Exercise objective: Please return each entry exactly as it appears, but not the pictures.

* * *

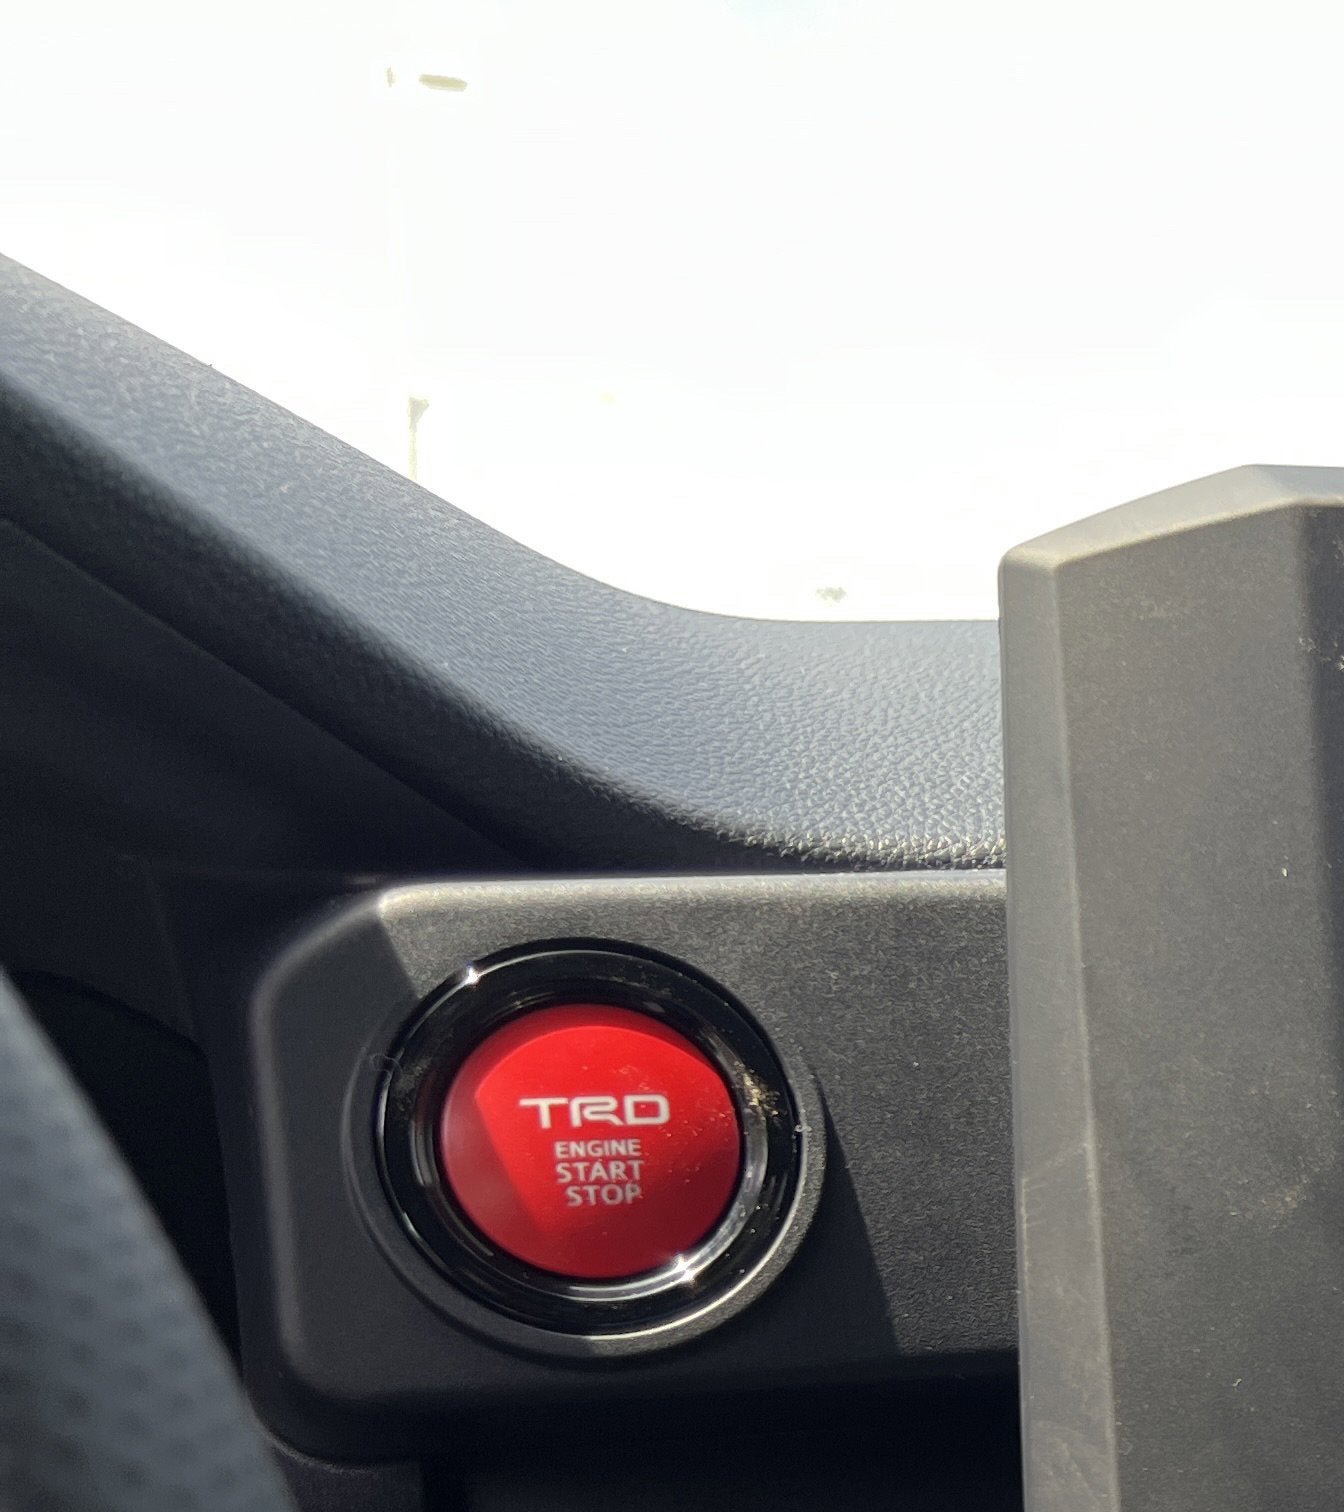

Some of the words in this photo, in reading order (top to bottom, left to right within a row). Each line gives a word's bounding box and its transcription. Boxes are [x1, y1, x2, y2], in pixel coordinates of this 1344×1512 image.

[519, 1093, 671, 1129] TRD
[554, 1138, 641, 1158] ENGINE
[556, 1160, 644, 1183] START
[565, 1183, 641, 1206] STOP

* * *

Worked solution:
Some of the words in this photo, in reading order (top to bottom, left to right within a row). Each line gives a word's bounding box and its transcription. Boxes are [x1, y1, x2, y2], in pixel coordinates of this 1344×1512 image.

[519, 1093, 671, 1129] TRD
[554, 1138, 641, 1158] ENGINE
[556, 1160, 644, 1183] START
[565, 1183, 641, 1206] STOP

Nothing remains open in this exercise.